Abends wird romdappt, Luft gschnappt mit Jonathan, dem freundlichen Amerikaner von der Ecke im Zimmer. Das zu Beginn sehr ziellos vor sich hin stromernde Gedöns wird durch das Treffen von polischen Mädels und zwei Jungs aufgebrochen. Verständlicherweise haben die zwei Jungs etwas dagegen, dass wir ihre Monopolstellung kleinhacken, aber wir lassen nicht mehr los. Es ist wohl der Ausflug einer Theaterschulklasse, die Mädels sind ca. 17, also dumm. Aber hübsch und nett. Und bisweilen auch schlau. Aber die tiefsinnigen Gespräche haben sich bei mir im Head irgendwie etwas an den Rand gedrängt.
Dieses Mal übertreibe ich nicht, wenn ich feststelle, dass wir EWIGKEITEN herumgelaufen sind. Auf der Suche nach einem Laden, der uns des Nachts noch Alkohol verkaufen könnte. Daraus wurde nichts. HALT, doch! Ein 24h Shop, aber irgendwie leisteten wir uns dann doch nicht gar so viel. Also zurück und Schüss, Mädels. Jonathan performt ein paar Freestylepoems und trägt uns auch ein paar seiner schon gefertigten Werke vor. Ich erinnere mich an einen wirklich geilen Text über seine Oma. Überlebensfreude.

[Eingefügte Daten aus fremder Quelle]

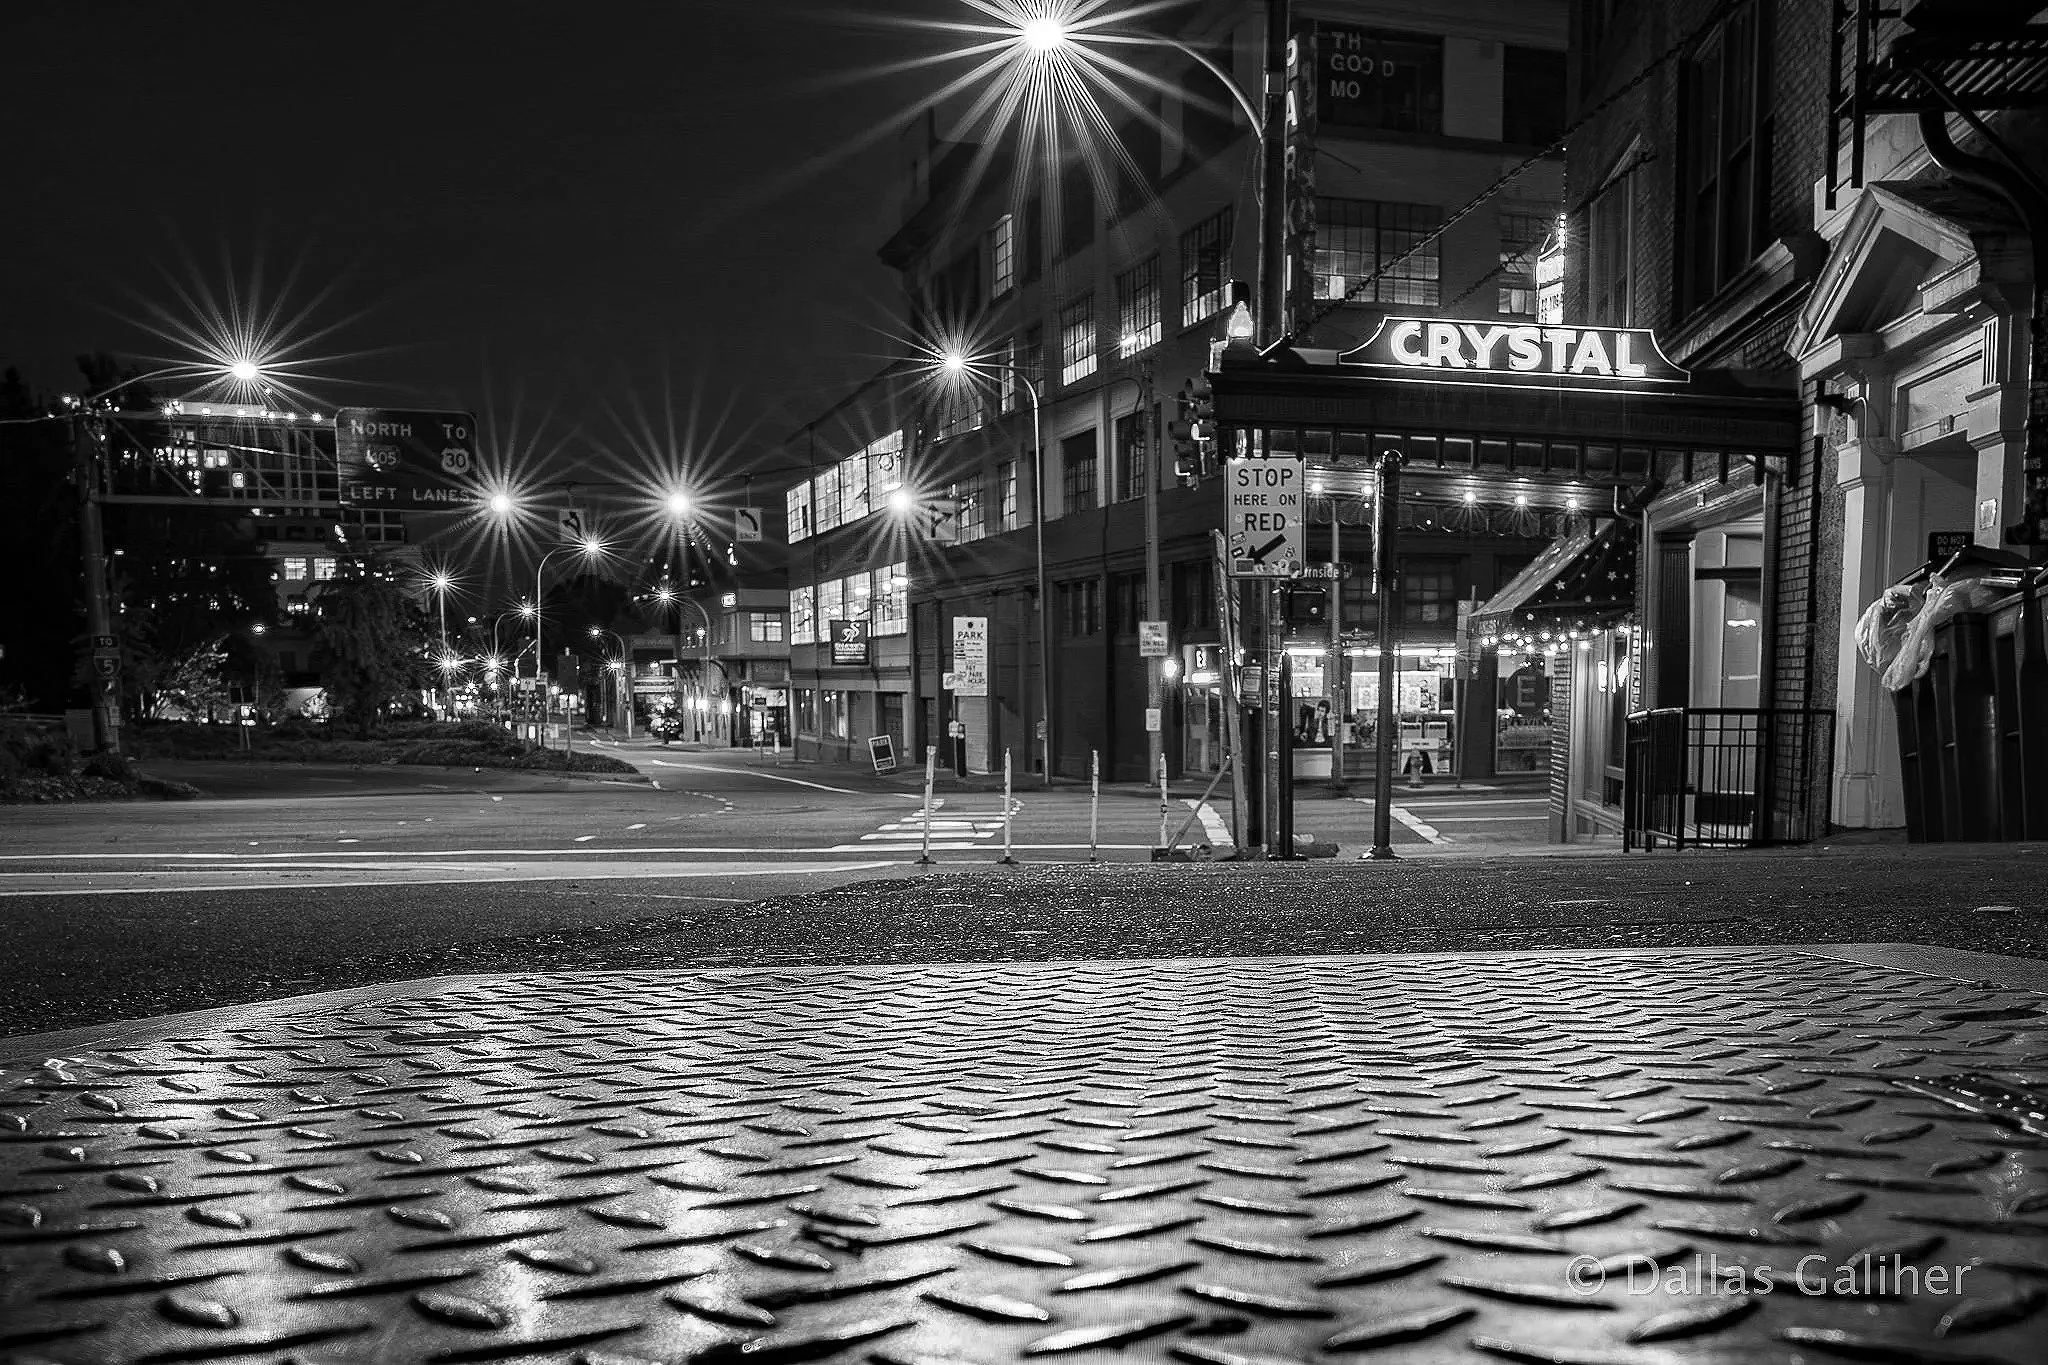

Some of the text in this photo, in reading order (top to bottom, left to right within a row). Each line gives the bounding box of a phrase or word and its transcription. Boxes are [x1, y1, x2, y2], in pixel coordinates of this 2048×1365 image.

[1331, 79, 1361, 98] MO
[1390, 321, 1647, 377] CRYSTAL
[351, 420, 412, 437] NORTH
[446, 453, 466, 468] 30
[1237, 469, 1293, 486] STOP
[350, 487, 470, 502] LEFT LANES
[1234, 494, 1296, 506] HERE ON
[1245, 513, 1286, 531] RED
[957, 631, 983, 640] PARK
[103, 659, 114, 675] 5
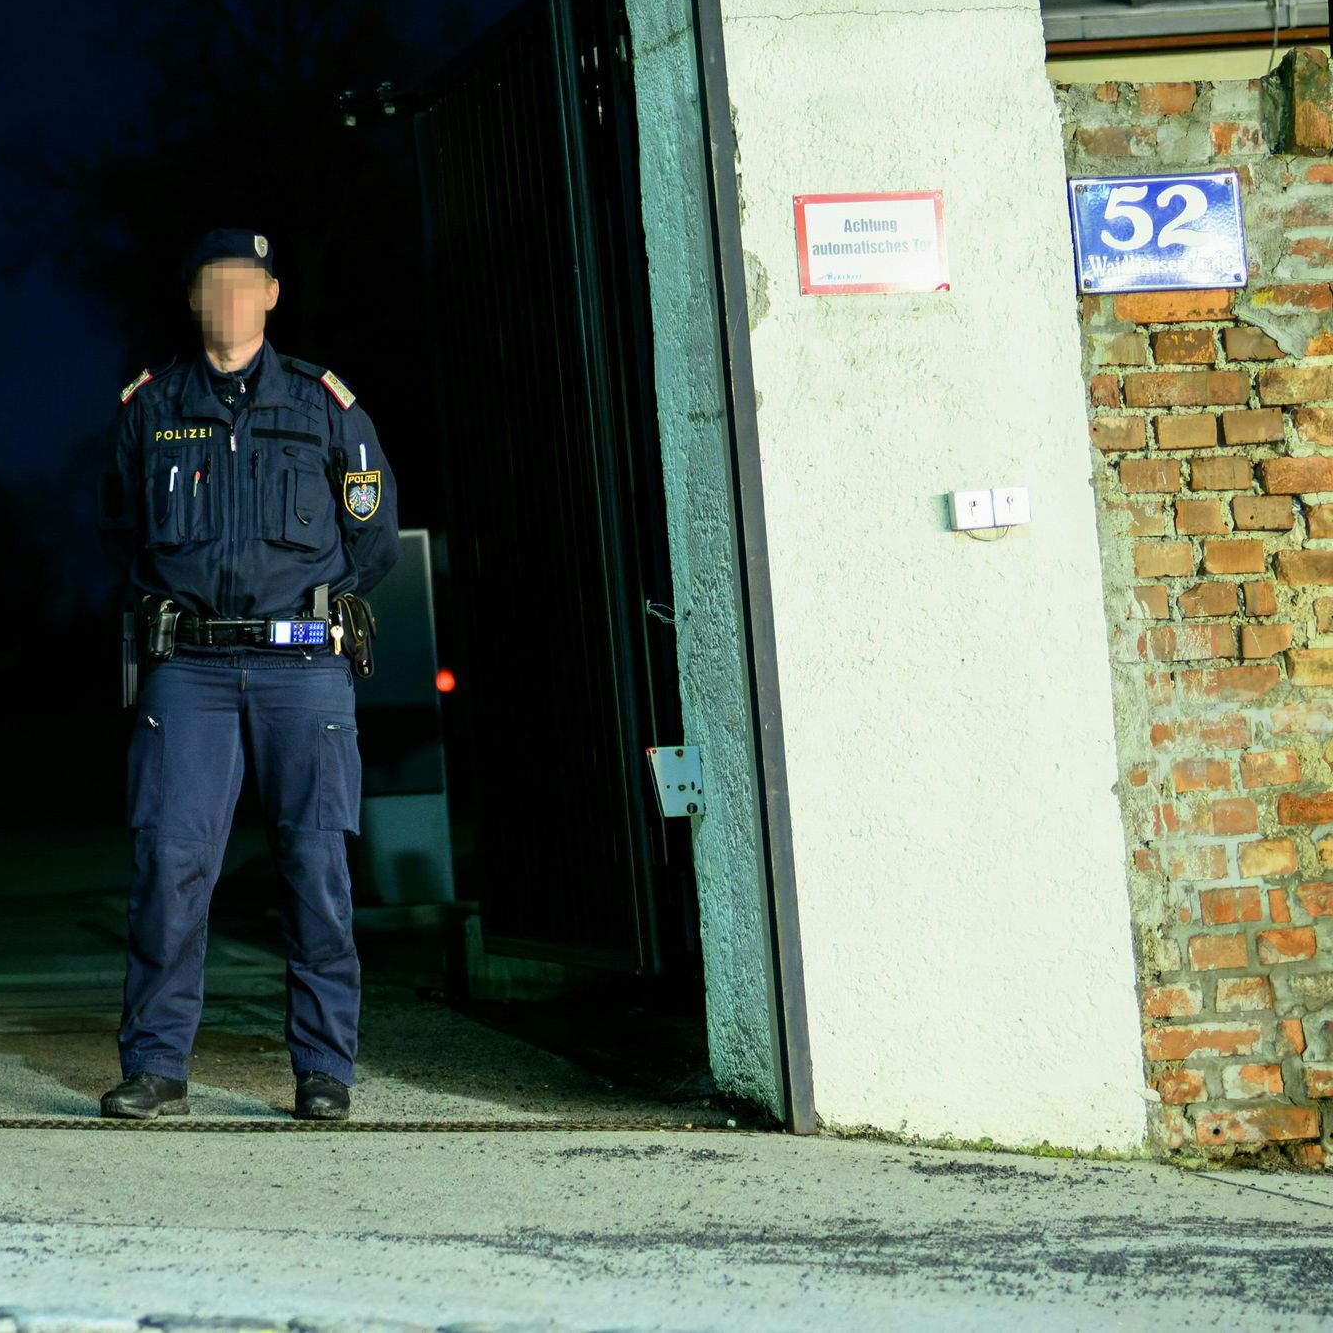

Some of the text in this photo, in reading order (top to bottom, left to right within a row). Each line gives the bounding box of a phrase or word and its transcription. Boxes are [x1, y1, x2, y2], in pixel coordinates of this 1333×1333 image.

Er war schon in diversen Gegenden der Erde, ein inspirierender Mensch. Der mir übrigens zu meinem Brasilienaufenthalt verholfen hat. Als ich ihn fragte, wo es denn bisher am Besten war, nannte er Maisomenosien. Da der nächste Tag unseren Abflug featuret, müssen wir ein letztes Mal durch die Gates of Dawn und legen uns zur Schläfrigkeit. Für mich ist die Nacht weniger cool, Yoshi schnarcht und mich plagen Alpträume, die sich ja dann auch bewahrheitet haben
(siehe auch “Ein Abzug bitte”, Oeuvre/Lesen/Gedichte/war).

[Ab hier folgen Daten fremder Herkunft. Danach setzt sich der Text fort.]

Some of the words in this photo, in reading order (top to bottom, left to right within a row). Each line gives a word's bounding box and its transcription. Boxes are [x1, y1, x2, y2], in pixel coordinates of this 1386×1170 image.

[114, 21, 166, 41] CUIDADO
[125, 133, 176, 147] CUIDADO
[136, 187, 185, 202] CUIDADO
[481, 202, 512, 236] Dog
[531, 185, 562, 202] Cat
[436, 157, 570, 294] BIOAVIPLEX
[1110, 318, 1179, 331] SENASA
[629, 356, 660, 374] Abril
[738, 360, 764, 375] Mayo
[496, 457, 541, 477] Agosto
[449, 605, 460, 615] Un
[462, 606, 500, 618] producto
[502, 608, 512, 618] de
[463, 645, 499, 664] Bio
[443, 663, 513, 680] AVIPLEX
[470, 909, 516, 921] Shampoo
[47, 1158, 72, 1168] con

Jetzt hab ich aber noch gar nichts über die Schäpäner erzählt. Die kochen immer so aufwändig und sind generell still und freundlich. Bis mich einer von ihnen “Eier” nennt, weil es das ist, was er von mir weiß, komme ich nicht auf den Gedanken, dass die auch krass sein könnten. Danach bin ich mir nicht mehr so sicher.
Wie dem auch sei, morgens wird gepackt im Delirium. Julian und ich holen das Ticket bis zur Grenze, da uns danach ja die Obhut des Polrailpass vor allen Widrigkeiten des Zugfahrenlassens schützt.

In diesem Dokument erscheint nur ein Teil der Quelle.